** SOURCE DATA **

+ + + +

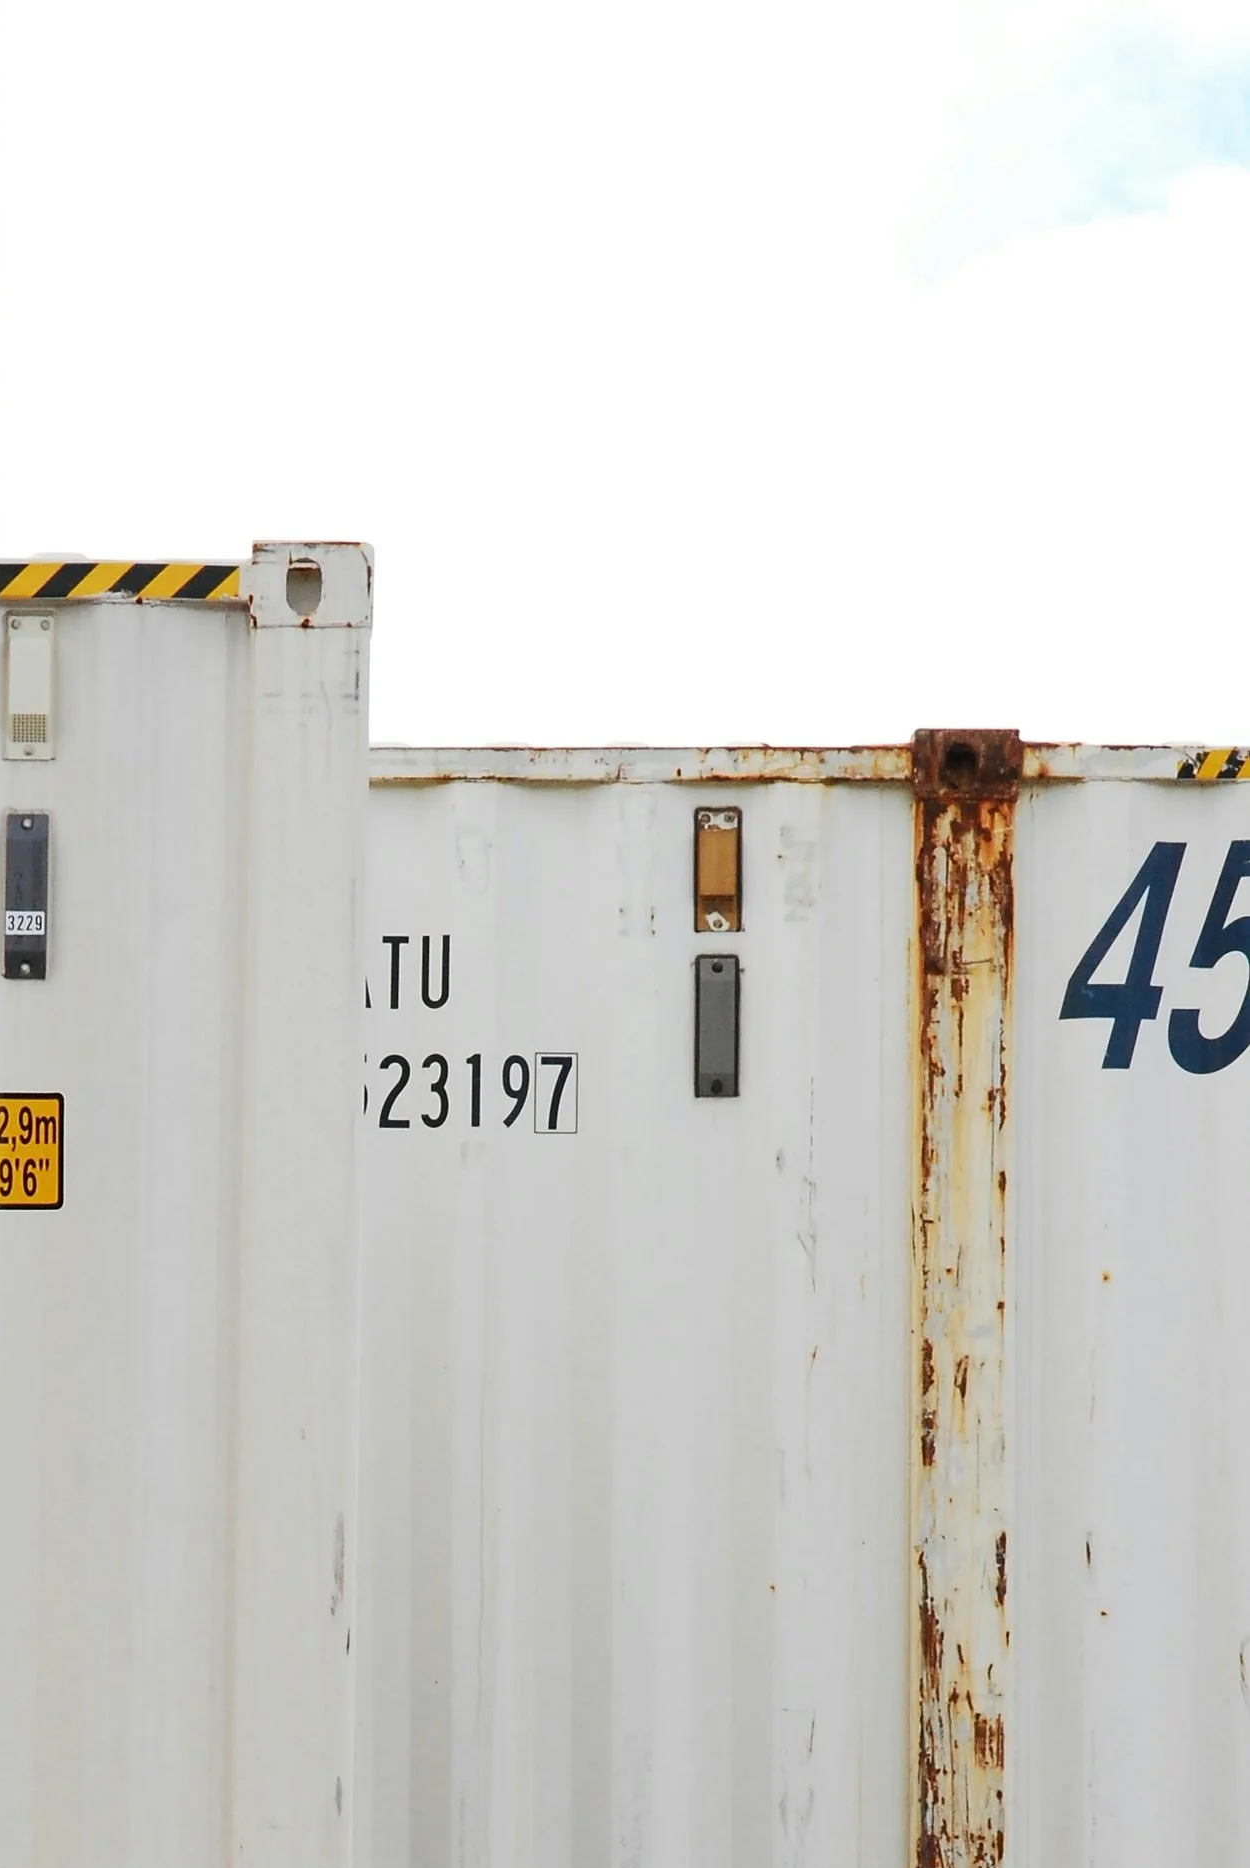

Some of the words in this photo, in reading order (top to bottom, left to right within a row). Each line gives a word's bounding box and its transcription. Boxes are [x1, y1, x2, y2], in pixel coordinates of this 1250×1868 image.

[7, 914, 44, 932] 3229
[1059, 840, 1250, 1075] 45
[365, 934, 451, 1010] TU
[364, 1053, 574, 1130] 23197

+ + + +

** TASK DETAILS **
Give back all of the data exactly, but not the pictures.

** YOUR RESPONSE **
Some of the words in this photo, in reading order (top to bottom, left to right within a row). Each line gives a word's bounding box and its transcription. Boxes are [x1, y1, x2, y2], in pixel coordinates of this 1250×1868 image.

[7, 914, 44, 932] 3229
[1059, 840, 1250, 1075] 45
[365, 934, 451, 1010] TU
[364, 1053, 574, 1130] 23197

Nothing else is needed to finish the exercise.